The Solubility Product Constant, abbreviated as \(K_{sp}\), is a vital concept when studying precipitation reactions. It's a special equilibrium constant used for sparingly soluble ionic compounds, and it indicates the level at which a compound can dissolve in a solution. Remember that every ionic compound has its own \(K_{sp}\) value, which varies based on the temperature.
In the context of our exercise, we look at two different compounds: barium phosphate \(\text{Ba}_3(\text{PO}_4)_2\) and barium sulfate \(\text{BaSO}_4\). Each has a unique \(K_{sp}\) value. Specifically, \(\text{Ba}_3(\text{PO}_4)_2\) has a \(K_{sp}\) of \(1 \times 10^{-13}\), and \(\text{BaSO}_4\) has a \(K_{sp}\) of \(1.1 \times 10^{-10}\). These values tell us how readily each compound will dissolve in water before starting to precipitate.
When \(\text{Ba}^{2+}\) ions are introduced into the solution, they interact with phosphate and sulfate ions to potentially form solid precipitates. For each precipitate to form, the product of the ion concentrations must exceed the \(K_{sp}\) of that compound. Hence, \(K_{sp}\) is like a threshold; surpass it, and precipitation starts.

Ion concentration calculations are crucial for determining when precipitation will occur in a reaction. Using the solubility product constant together with known ion concentrations, we can deduce the necessary concentration of barium ions \([\text{Ba}^{2+}]\) for each precipitate to start forming.
Let's break it down for our problem:

• For barium phosphate \(\text{Ba}_3(\text{PO}_4)_2\): The expression based on the balanced reaction equation is \(K_{sp} = [\text{Ba}^{2+}]^3 [\text{PO}_4^{3-}]^2\). With \([\text{PO}_4^{3-}] = 0.020 \, \text{M}\), we can solve for \([\text{Ba}^{2+}]\) to get approximately \(6.3 \times 10^{-4} \, \text{M}\).

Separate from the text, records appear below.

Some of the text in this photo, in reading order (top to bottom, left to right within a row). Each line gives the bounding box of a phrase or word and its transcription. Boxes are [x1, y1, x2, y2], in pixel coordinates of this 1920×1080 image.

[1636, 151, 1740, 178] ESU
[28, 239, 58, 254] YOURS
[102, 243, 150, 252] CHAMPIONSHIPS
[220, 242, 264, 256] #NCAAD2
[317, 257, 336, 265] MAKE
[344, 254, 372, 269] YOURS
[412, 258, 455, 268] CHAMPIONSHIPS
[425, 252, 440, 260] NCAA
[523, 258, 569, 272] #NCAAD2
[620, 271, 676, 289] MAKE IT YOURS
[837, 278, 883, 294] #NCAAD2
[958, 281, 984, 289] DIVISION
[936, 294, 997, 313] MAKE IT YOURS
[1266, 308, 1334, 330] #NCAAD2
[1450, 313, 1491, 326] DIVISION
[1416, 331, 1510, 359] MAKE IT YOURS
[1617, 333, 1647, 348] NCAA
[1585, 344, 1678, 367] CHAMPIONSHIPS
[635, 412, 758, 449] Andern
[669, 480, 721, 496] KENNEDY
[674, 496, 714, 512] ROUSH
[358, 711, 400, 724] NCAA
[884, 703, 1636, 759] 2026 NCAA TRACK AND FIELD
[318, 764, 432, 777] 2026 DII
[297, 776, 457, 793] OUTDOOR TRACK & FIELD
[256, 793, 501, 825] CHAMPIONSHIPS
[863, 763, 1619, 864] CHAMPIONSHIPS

• For barium sulfate \(\text{BaSO}_4\): The expression is simpler: \(K_{sp} = [\text{Ba}^{2+}][\text{SO}_4^{2-}]\). Using \([\text{SO}_4^{2-}] = 0.050 \, \text{M}\), the concentration of \([\text{Ba}^{2+}]\) required is \(2.2 \times 10^{-9} \, \text{M}\).

By contrasting these values, we identify which reaction occurs first, as the one requiring the lowest \([\text{Ba}^{2+}]\) concentration will precipitate first.

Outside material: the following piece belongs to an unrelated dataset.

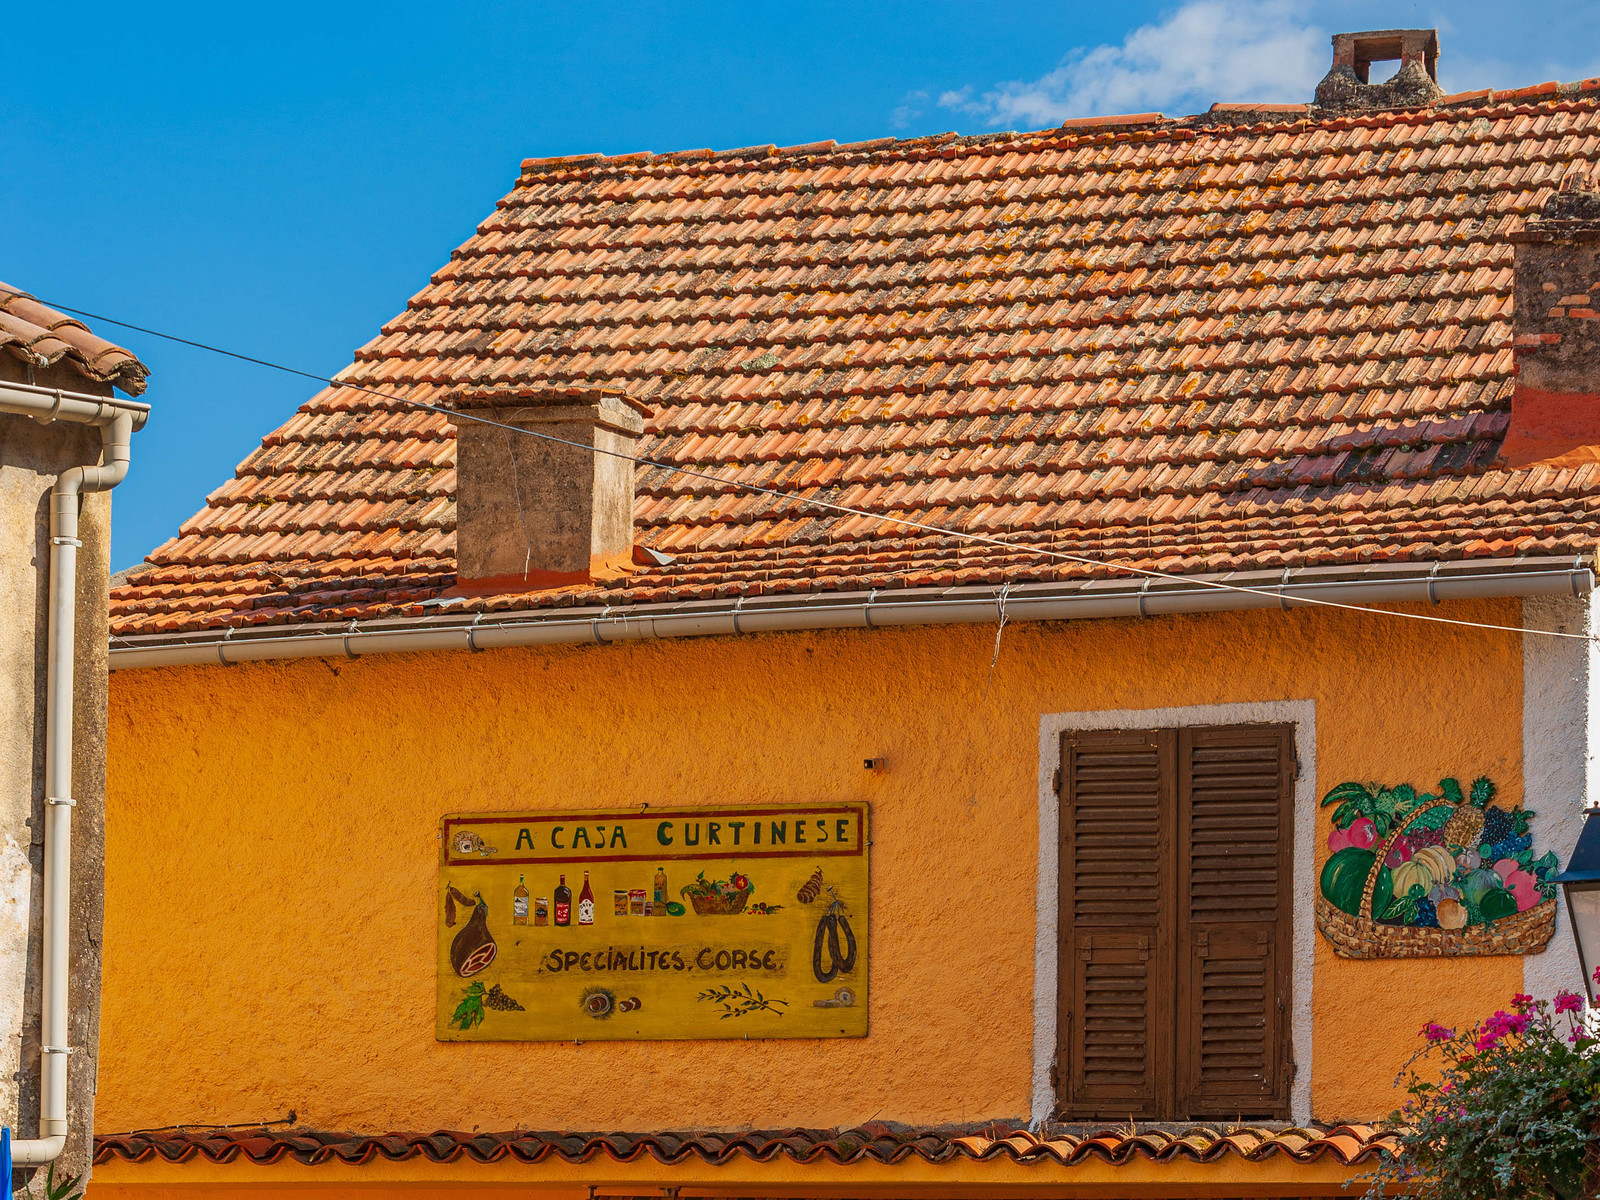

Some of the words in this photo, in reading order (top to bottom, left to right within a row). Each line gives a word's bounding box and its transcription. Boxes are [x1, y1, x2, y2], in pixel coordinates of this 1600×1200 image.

[514, 828, 535, 851] A
[550, 824, 628, 850] CASA
[656, 819, 850, 847] CURTINESE

Barium chloride is a versatile reactant and crucial in our problem as it provides the \(\text{Ba}^{2+}\) ions for the precipitation reactions. Its interactions with other compounds lead to the formation of solid precipitates.
In this exercise, barium chloride reacts with two anions present in the solution: phosphate \((\text{PO}_4^{3-})\) and sulfate \((\text{SO}_4^{2-})\). Here's what happens in each scenario:

• Reaction with phosphate ions leads to the formation of barium phosphate \(\text{Ba}_3(\text{PO}_4)_2\), which has a lower \(K_{sp}\) value compared to barium sulfate, indicating it is less soluble.

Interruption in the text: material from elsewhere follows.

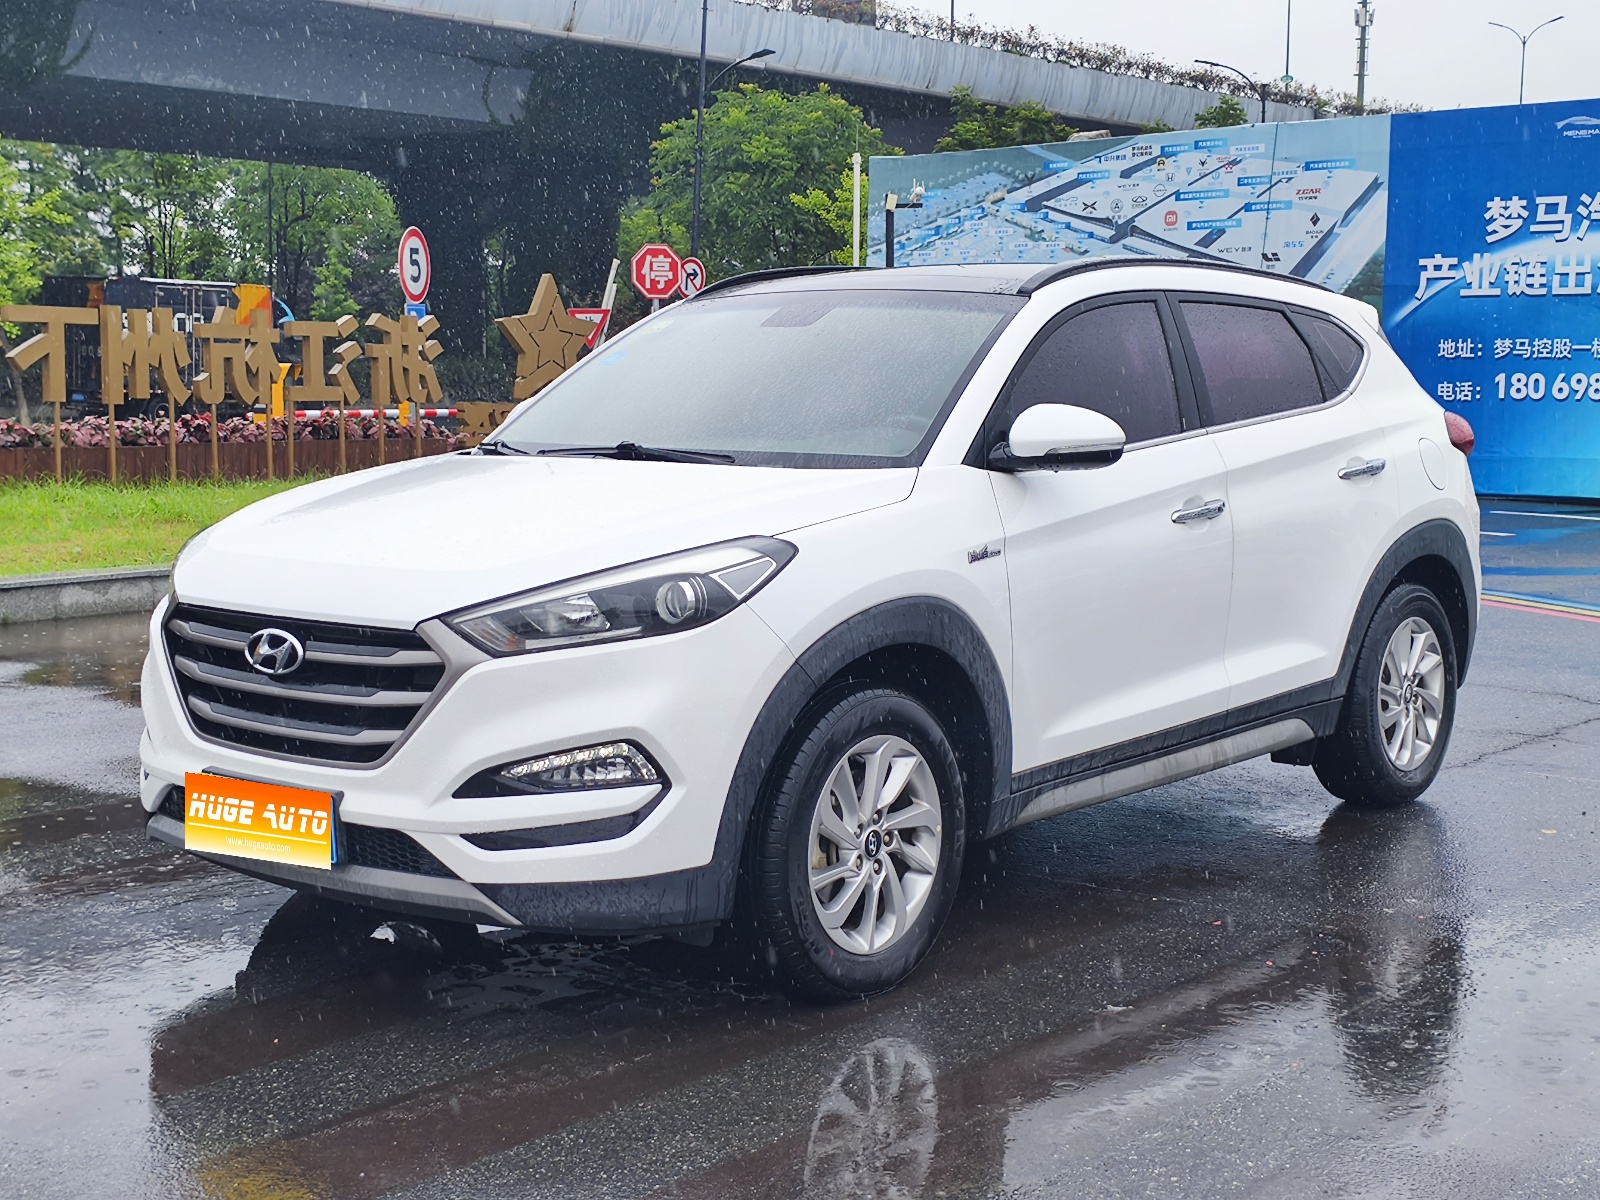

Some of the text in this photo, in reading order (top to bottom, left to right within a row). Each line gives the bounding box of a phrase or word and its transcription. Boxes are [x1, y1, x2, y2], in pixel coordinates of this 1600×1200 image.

• Reaction with sulfate ions creates barium sulfate \(\text{BaSO}_4\), which has a higher \(K_{sp}\), suggesting it will precipitate sooner under the conditions in the solution.

Since barium sulfate requires a lower \([\text{Ba}^{2+}]\) to precipitate than barium phosphate, it forms first. Understanding barium chloride's role in these reactions helps us predict precipitation events effectively and based on the logic that less soluble products will form if a system's saturation is reached.